Rebellion.
Someone—many someones, likely, else his guard were more lax than he had cause to assume—had won through a palace crammed with defenses mundane and arcane and stolen a reigning sovereign from the heart of his own realm. He had to admire their bravery—their audacity, anyway—and already had an idea what group had worked his downfall.
The Sons of Ailill.
But why was he a prisoner?
One reply alone made sense: the same reason there had been talk of rebellion before and increased disaffection among the smaller Fay as recently as yesterday.
The mortal situation.
He should have listened, he supposed, to the tidings Nuada brought him, he who was closest observer of what chanced in the Lands of Men. But also to what everyone of late had seemed to whisper: that the Lands of Men were grown too close, that Holes were burning through the World Walls everywhere, and ever nearer to the heart of Tir-Nan-Og. That by ones and twos, in families and clans, the folk of his realm were fleeing, claiming shelter with Rhiannon of Ys, or Arawn of Annwyn, or Finvarra of Erenn—or simply seeking some new World upon the Tracks.

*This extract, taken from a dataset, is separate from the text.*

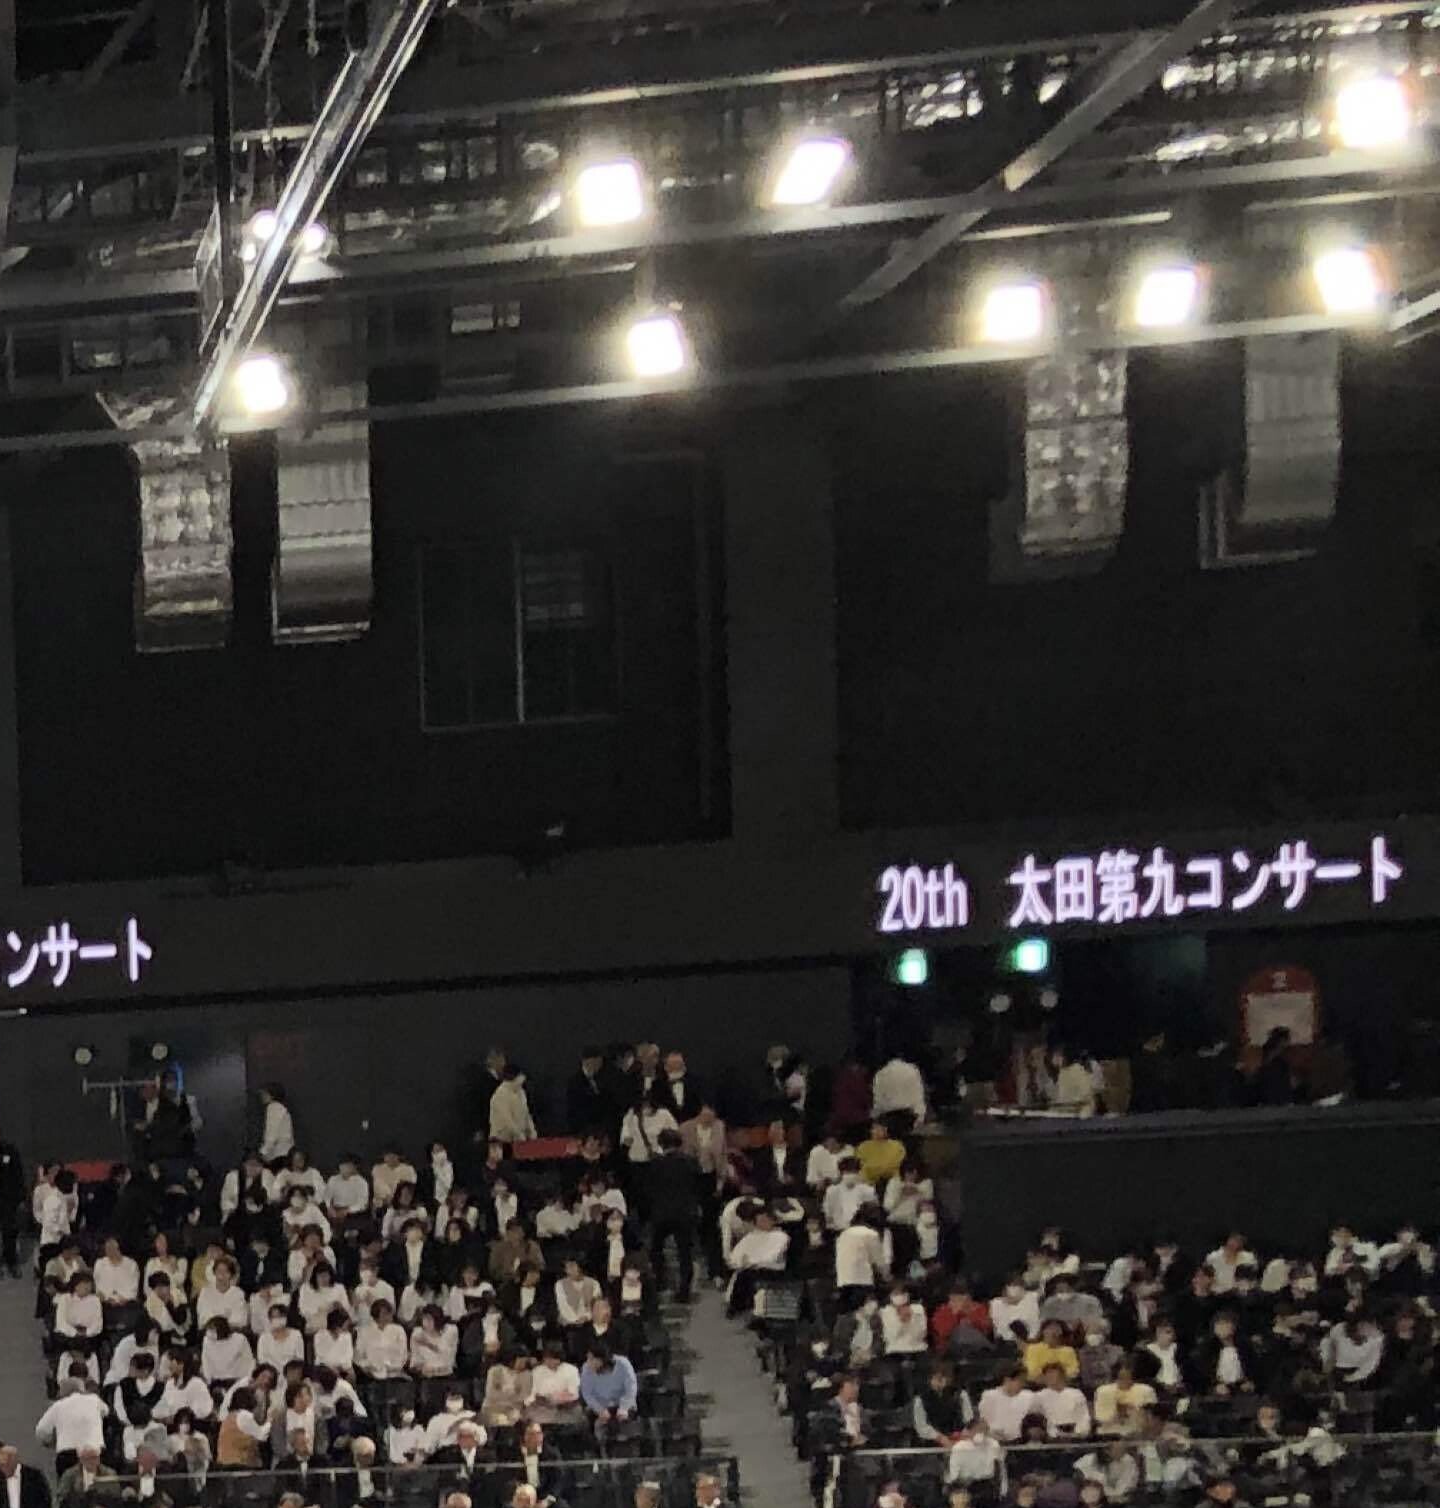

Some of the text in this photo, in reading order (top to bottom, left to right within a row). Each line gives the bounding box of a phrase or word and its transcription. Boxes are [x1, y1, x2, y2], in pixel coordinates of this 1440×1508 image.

[878, 836, 1403, 932] 20th 太田第九コンサート

Lugh wasn’t certain he blamed them. But he strongly disapproved of how they had chosen to resolve the situation, when he had just set the final stone in his own plan to counter the increasing encroachment of the Lands of Men.
Which brought him to the boy.
The
mortal
boy. David Sullivan—who, though not by design, had already brought him too much pain.
And then whatever—wherever—it was that held him shifted, as the weight of bodies came upon it. For the briefest instant, fresh air flowed in, and Lugh thought he might be on the verge of release. He inhaled—
—and breathed agony beyond belief, while more pain spread like flowing lava across his body. It was dust: some fine powder riding in with that air to settle upon his sweat-soaked skin and form a thin film there.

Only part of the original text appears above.